Дальше она говорит, что лето они собираются провести на берегу Финского залива, и рассказывает матери о недавнем концерте Прокофьева, на котором композитор сам дирижировал и играл на фортепиано; успех был такой грандиозный, что марш из “Любви к трем апельсинам” дважды был исполнен на бис. Светская жизнь бурлит, пишет Татьяна, ведь необходимо принимать французских и итальянских предпринимателей, которые приезжают в Варшаву, и она постоянно вынуждена развлекать за обедом гостей. Заканчивается это письмо припиской рукой Бертрана: “Целую вас, дорогая мама”.

Эйфорию молодоженов разрушило известие о самоубийстве Маяковского – Татьяна узнала о нем через три недели после мартовского письма матери. В тот тяжелый период Бертран был особенно нежен с супругой.

“Он настоящий друг, и мне кажется невероятным, что мы когда-либо можем расстаться”, – пишет Татьяна матери в начале мая.
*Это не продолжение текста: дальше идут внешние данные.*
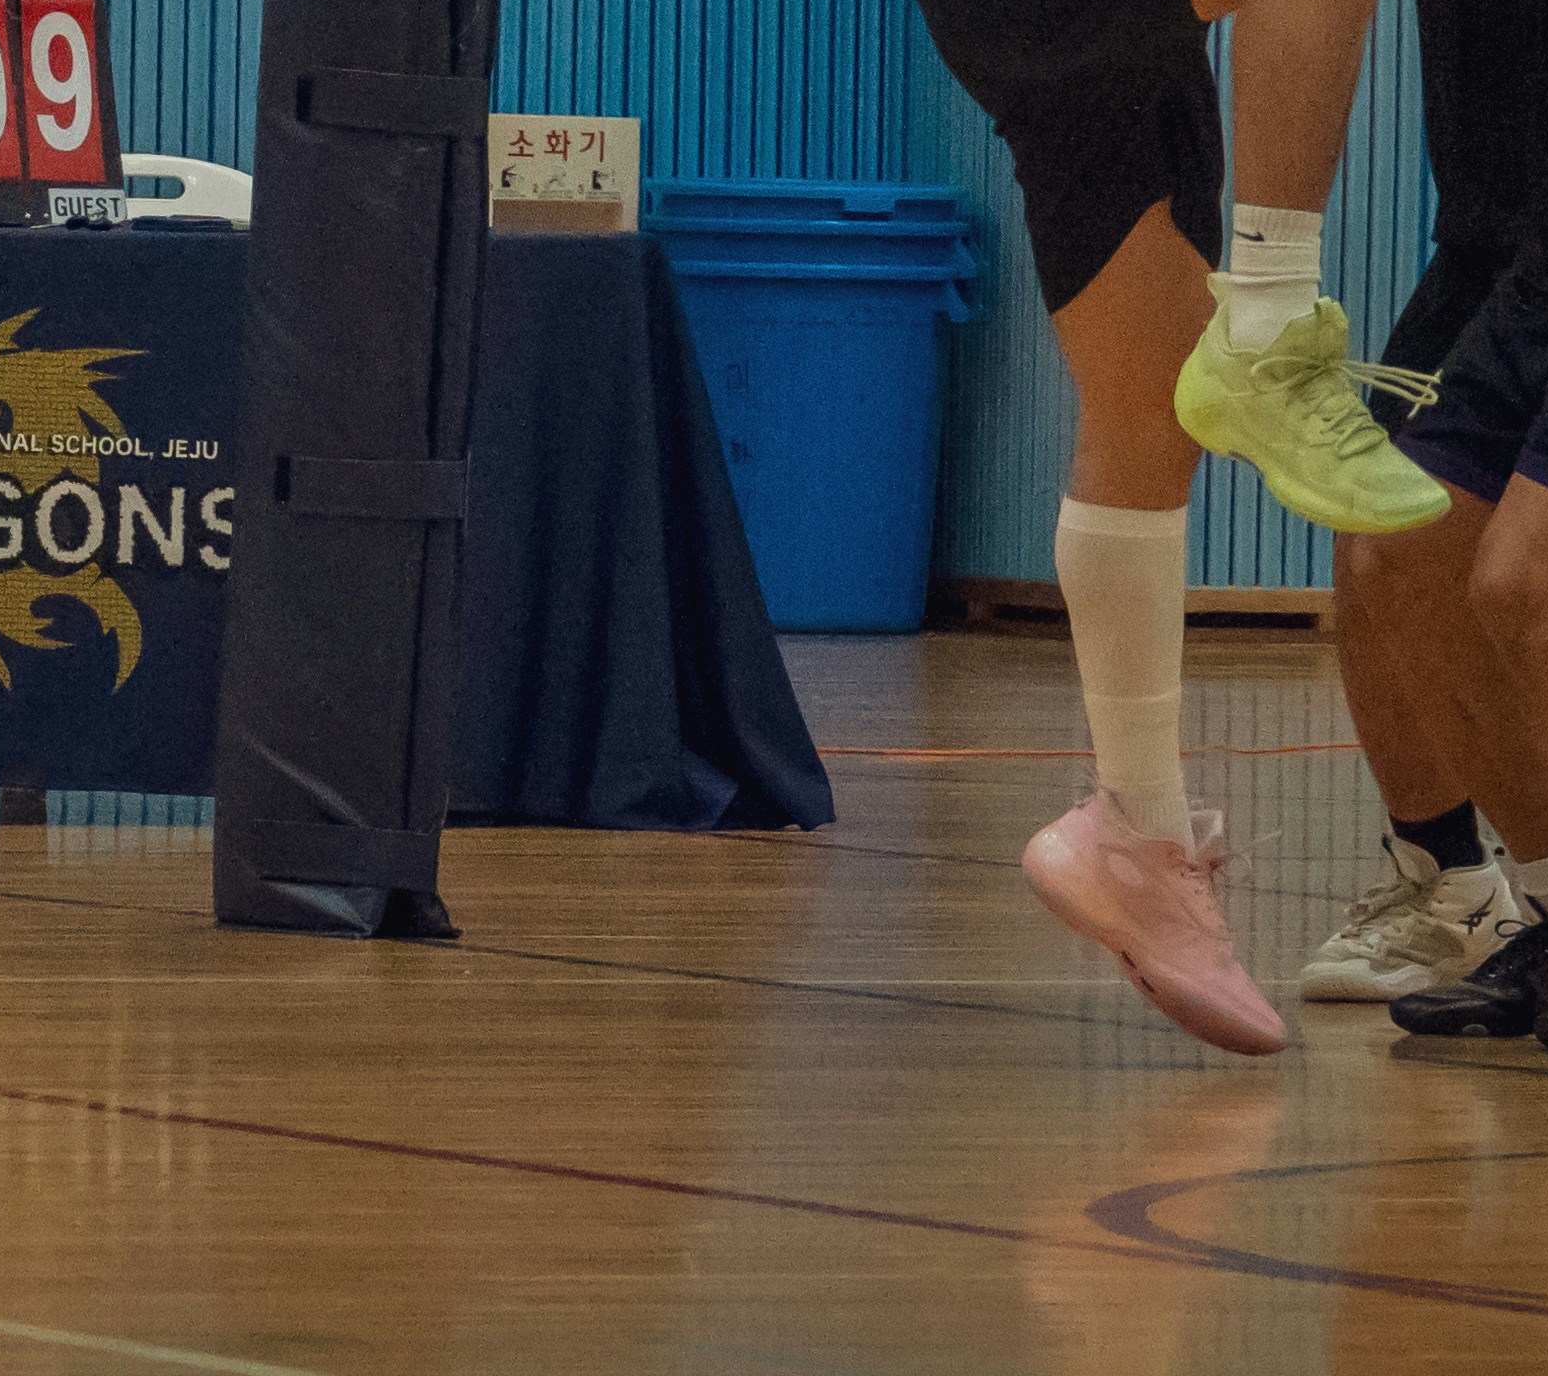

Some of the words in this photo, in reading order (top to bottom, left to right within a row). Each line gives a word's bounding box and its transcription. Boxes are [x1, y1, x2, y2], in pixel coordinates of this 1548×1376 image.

[507, 129, 605, 163] 소화기
[54, 196, 122, 219] GUEST
[50, 433, 155, 461] SCHOOL,
[161, 440, 219, 461] JEJU
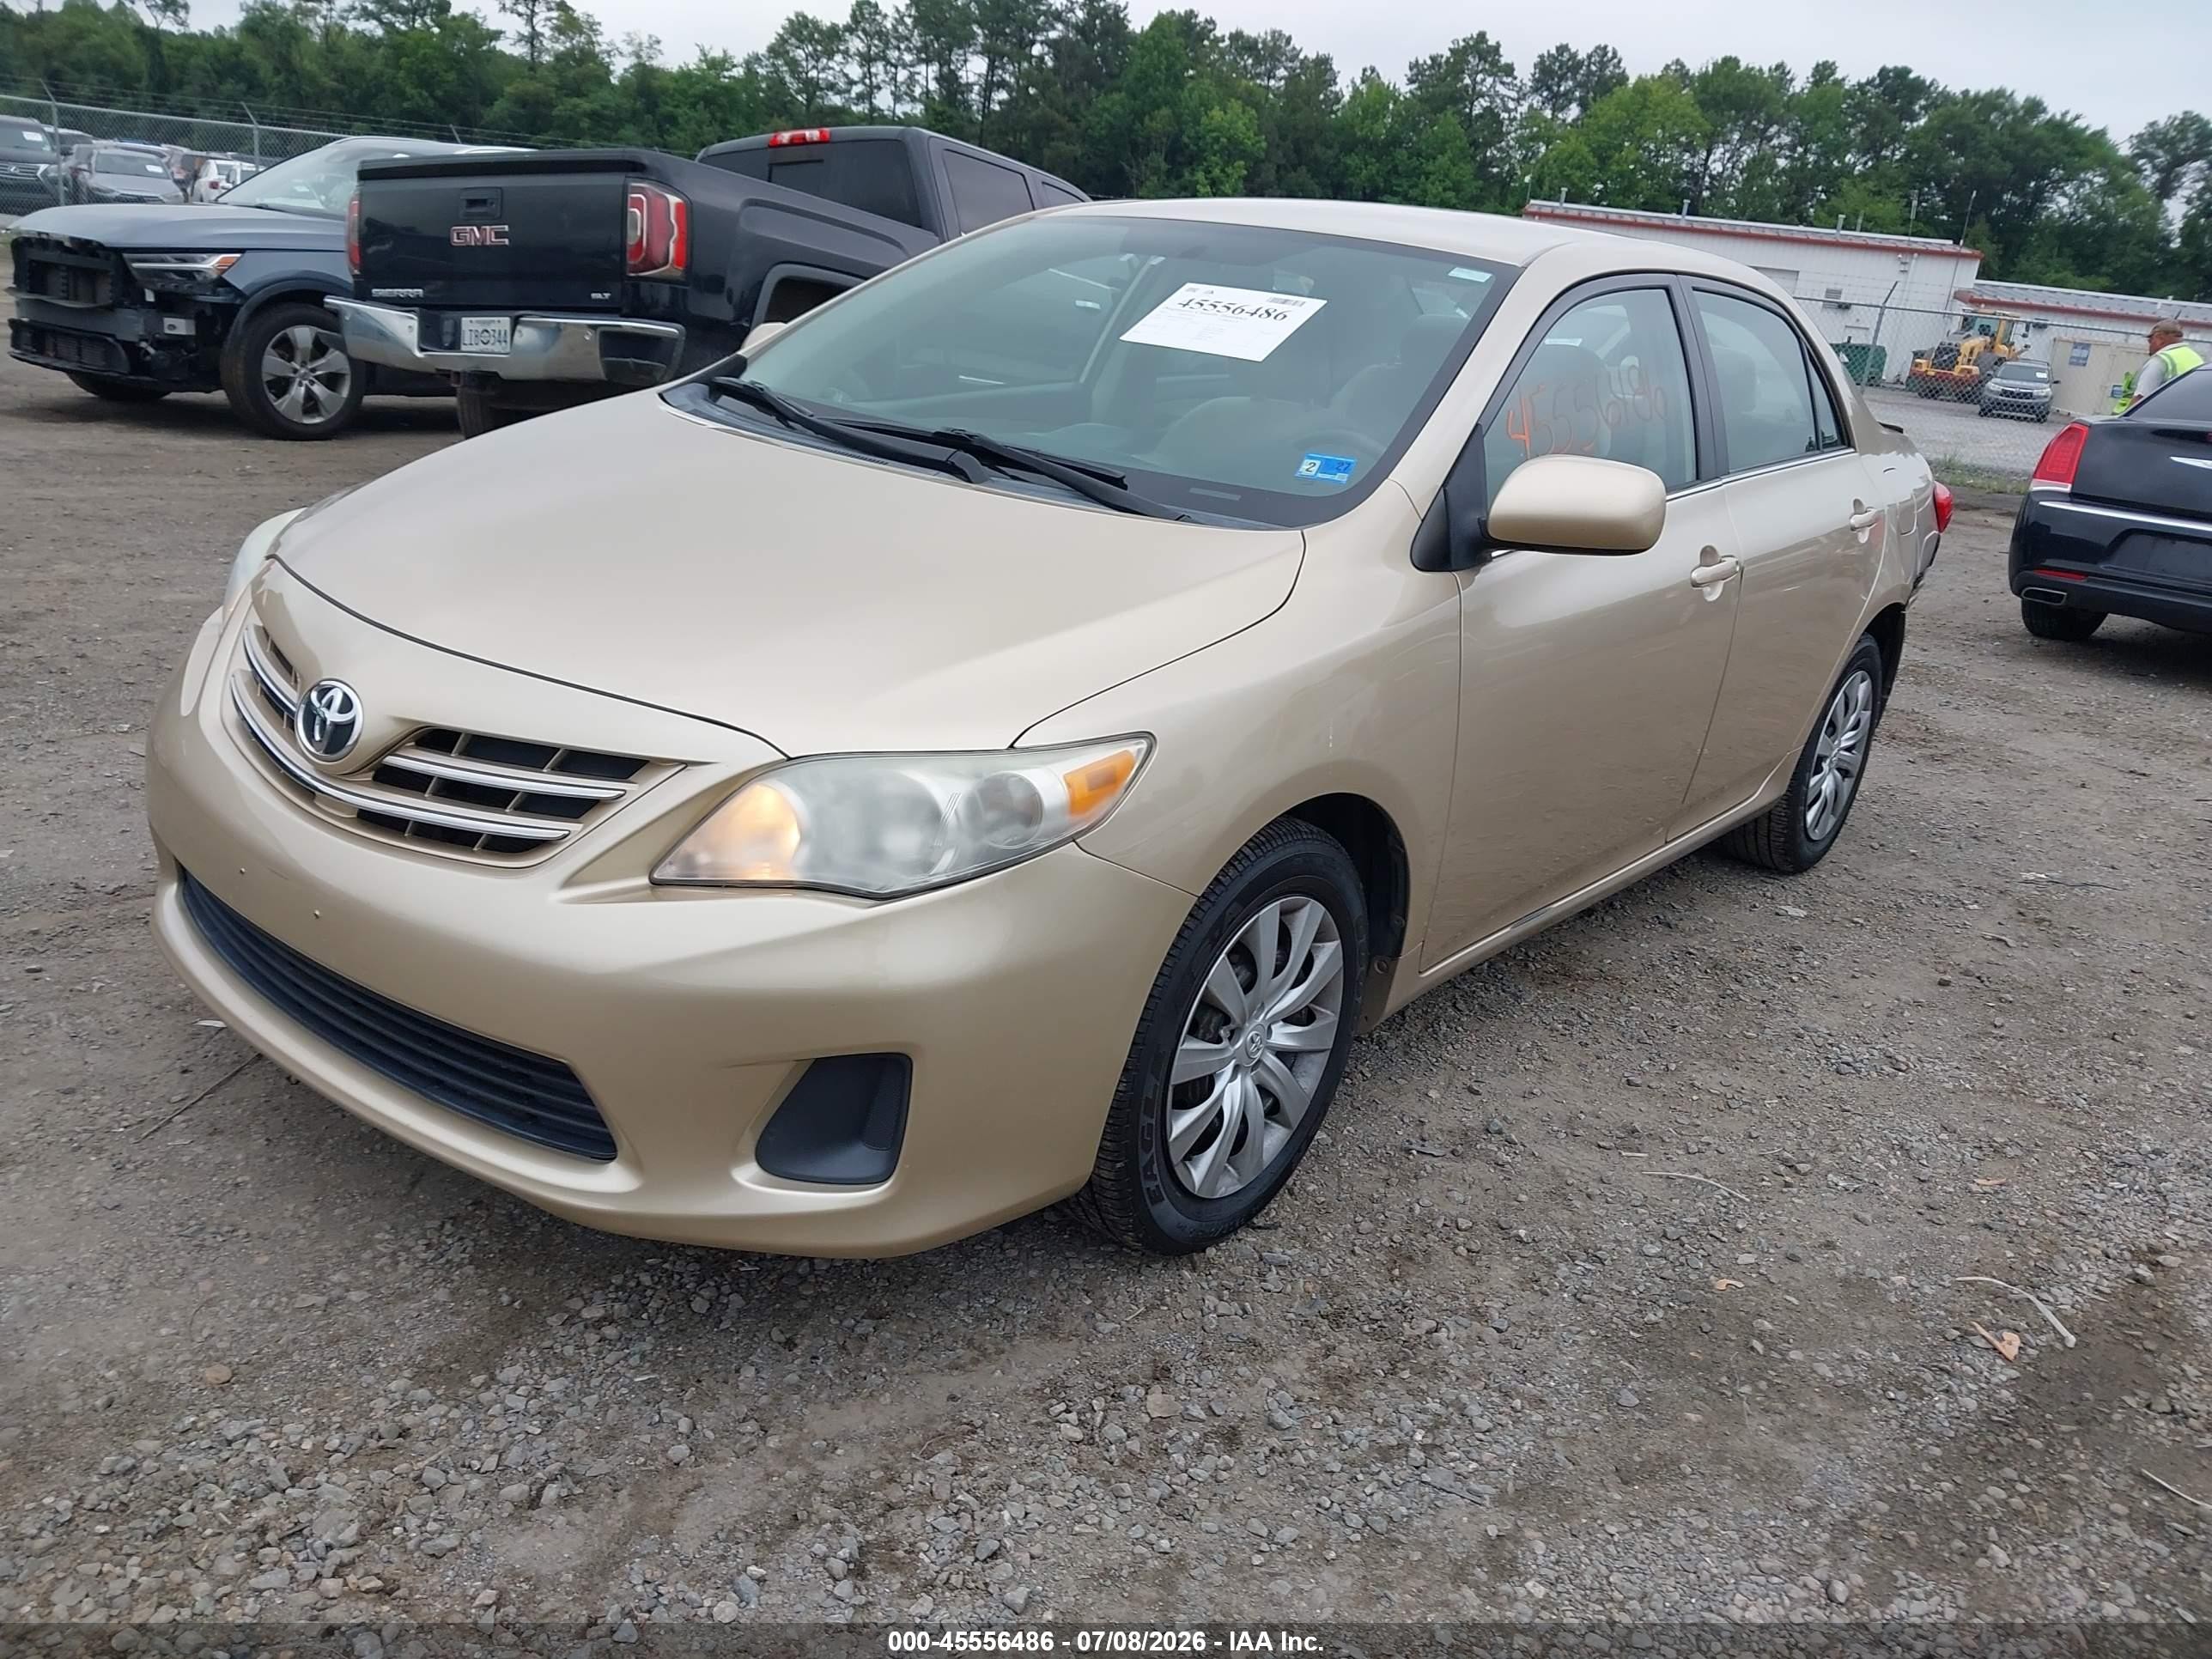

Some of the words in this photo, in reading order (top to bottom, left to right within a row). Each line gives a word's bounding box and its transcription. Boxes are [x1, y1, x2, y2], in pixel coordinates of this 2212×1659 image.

Через две недели после трагедии Бертран, чтобы развлечь жену, повез ее на весеннюю ярмарку в Познань. В пути “всё вокруг цвело”, и Татьяна приободрилась. Ей по-прежнему нравилась их квартира, также утопавшая в зелени (“За окном у нас настоящее зеленое море, словно ты не в городе: Варшава – это одна большая деревня, она вовсе не похожа на Париж”). Вечером они слушали Федора Шаляпина, исполнявшего партию Мефистофеля, – “несмотря на свой возраст”, пел он прекрасно и имел “огромный успех”. Беременность ее проходила так же благополучно: единственным неудобством было то, что Татьяна ела за троих и быстро поправлялась.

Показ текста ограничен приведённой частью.